At the prestigious Yale University, he taught the history of the USSR and the history of the world communist movement for more than two decades. His students included former US President Bill Clinton and his wife Hillary, as well as President George W. Bush and his father. I start from the assumption that they gained the first serious knowledge about Russia, their main opponent on the world stage, thanks to him.
CHILD OF THE COMMUNIST: The origin of my Volodya is as complex as the subject he studied. His name was not Wolfgang, but Vladimir, Volodya. German, and Volodya? The fact that he first received a Russian baptismal name, and then changed it, is in the spirit of the story about his unusual life. The German communist writer Rudolf Leonhard is officially considered his father. Between the two world wars, this long-forgotten poet was considered so important that he was translated by Miroslav Krleža. In the Zagreb Encyclopedia of the Lexicographical Institute (edition from 1959), I guess that's why there is a note about Rudolf Leonhard, but nothing about Bertolt Brecht. When I asked in amazement how this was possible, the answer was: "Comrade Krleža does not like Brecht."

…Ulbricht,…
Rudolph recognized the boy Vladimir, who was born in April 1921 in Vienna, as his son, even though he had not been in a relationship with his then ex-wife Suzana for quite some time. Volodya's real father was Myechislav Bronsky, a close friend of Lenin, at that time the first Soviet ambassador to Austria. Bronsky arrived in Russia with Lenin in a barricaded train in the middle of the First World War from Switzerland via Germany to start the October Revolution. Can something like that be passed on genetically?

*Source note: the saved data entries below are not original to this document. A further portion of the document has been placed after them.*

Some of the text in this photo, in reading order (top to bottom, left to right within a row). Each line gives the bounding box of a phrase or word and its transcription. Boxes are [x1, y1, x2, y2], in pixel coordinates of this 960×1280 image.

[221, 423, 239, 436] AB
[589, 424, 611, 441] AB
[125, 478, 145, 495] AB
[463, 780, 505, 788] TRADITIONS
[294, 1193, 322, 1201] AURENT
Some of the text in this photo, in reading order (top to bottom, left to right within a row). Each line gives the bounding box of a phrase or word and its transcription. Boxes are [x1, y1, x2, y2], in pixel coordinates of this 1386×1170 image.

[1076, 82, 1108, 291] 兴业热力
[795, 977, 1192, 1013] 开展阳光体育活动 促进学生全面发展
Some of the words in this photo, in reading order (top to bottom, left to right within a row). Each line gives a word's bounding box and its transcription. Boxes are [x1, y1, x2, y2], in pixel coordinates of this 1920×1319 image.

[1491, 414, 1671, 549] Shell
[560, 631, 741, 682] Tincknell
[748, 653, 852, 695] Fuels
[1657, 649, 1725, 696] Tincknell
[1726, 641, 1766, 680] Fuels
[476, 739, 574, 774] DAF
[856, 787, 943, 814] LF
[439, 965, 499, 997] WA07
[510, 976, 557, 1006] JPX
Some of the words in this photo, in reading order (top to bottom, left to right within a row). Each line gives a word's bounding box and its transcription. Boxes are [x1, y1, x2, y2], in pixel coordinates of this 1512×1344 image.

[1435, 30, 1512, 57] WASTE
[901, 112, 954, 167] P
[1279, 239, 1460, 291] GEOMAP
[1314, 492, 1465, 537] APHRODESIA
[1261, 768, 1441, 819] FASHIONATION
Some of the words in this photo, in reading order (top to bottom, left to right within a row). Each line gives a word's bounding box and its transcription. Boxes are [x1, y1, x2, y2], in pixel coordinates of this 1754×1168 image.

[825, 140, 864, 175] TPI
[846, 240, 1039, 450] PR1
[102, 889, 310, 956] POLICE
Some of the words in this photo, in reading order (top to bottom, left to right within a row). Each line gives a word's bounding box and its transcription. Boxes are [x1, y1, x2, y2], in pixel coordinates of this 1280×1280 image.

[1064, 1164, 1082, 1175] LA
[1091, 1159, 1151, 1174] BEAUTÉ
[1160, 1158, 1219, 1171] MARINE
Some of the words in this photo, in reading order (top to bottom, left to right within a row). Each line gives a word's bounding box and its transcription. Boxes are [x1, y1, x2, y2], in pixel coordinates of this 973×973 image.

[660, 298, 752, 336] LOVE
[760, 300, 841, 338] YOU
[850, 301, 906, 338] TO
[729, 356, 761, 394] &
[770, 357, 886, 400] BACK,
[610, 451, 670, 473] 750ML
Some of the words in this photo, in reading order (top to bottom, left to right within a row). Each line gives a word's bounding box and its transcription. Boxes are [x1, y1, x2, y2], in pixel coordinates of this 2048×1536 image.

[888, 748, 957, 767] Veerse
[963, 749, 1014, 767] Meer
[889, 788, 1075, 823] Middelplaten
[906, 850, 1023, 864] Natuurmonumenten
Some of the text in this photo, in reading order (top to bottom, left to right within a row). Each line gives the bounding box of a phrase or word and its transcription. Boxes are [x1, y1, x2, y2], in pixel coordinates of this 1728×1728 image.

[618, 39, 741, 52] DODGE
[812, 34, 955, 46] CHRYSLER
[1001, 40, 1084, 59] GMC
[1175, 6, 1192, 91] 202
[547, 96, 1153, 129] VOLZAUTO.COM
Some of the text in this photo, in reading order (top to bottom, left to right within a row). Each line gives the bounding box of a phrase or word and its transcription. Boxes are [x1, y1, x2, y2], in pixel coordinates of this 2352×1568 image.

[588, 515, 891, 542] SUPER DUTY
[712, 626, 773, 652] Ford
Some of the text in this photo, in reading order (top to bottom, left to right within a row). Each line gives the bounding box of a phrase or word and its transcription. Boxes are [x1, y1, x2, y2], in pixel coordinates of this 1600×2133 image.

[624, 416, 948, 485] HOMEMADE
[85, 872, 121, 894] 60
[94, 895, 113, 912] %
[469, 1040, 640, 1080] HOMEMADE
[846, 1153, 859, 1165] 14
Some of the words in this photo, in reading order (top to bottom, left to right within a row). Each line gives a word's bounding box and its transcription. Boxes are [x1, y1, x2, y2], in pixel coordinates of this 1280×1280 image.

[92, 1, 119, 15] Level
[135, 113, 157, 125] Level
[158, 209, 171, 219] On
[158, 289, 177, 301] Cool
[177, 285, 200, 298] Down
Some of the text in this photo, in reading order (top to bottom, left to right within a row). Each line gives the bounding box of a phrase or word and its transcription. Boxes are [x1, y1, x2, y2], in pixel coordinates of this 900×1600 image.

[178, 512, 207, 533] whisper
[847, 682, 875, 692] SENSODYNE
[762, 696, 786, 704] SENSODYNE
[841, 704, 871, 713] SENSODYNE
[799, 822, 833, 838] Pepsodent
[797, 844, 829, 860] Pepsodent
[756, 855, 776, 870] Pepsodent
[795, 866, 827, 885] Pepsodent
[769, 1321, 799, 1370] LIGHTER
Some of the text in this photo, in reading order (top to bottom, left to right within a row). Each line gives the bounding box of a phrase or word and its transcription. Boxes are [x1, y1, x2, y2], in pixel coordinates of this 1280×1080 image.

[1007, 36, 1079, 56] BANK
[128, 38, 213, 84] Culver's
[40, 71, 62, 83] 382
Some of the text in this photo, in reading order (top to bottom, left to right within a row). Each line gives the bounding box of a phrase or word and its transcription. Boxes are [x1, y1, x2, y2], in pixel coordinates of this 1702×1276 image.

The mother, Susanna, was much more important in Volodya's life than the "fathers". She was born in 1885, her father died early, she grew up with a rich grandfather, a banker. She studied mathematics and philosophy, at the age of twenty she enrolled in the "Spartacus" communist union, was a friend of Rosa Luxemburg, after her marriage she quickly left her first husband and moved to Vienna, where she became the head of the press department of the Soviet embassy. After the Nazis came to power in Germany, Suzana and her son fled first to Sweden in 1933, then to the Soviet Union, where in 1936 she was arrested as part of one of the purges and spent the next twelve years in a camp near Vorkuta in northern Siberia.

...Tito
Little Volodya saw his nominal father for the first and only time as an adult, and his real parents rarely, he mostly grew up either with "friendly families" or lived in children's homes. In Moscow, he first attended a gymnasium for the children of German and Austrian anti-fascists, then a Russian gymnasium, and then enrolled in a university in Moscow where he studied English. At the beginning of the Second World War, all the Germans were driven far to the east, he arrived in Kazakhstan, where he first continued his studies in Karaganda, but soon became a party functionary and already in the summer of 1942 was transferred to the secret high school of the Comintern in Kushnarenko in Bashkortostan, where are the most trusted personnel of foreign countries trained for illegal work. Tito's son, Žarko Broz, and Maya, the daughter of the legendary Spanish revolutionary Dolores Ibaruri, known as La Pasionaria, also attended that school. In his autobiographical book "Revolution Dismisses its Children", Leonhard mentions that Jarko and Maya were in that school, he also mentions that alcohol and sex were strictly forbidden, but not that Jarko was the only one there who could allow himself to be undisciplined, so left school early. He told me that Žarko Broz and the beautiful Maja Ibaruri made love in public despite everyone. They knew who Broz and Ibarurieva were, although all students had to use pseudonyms, and even those who had known each other for a long time addressed each other as if they were illegals. Vladimir Leonhard temporarily became Wolfgang Linden.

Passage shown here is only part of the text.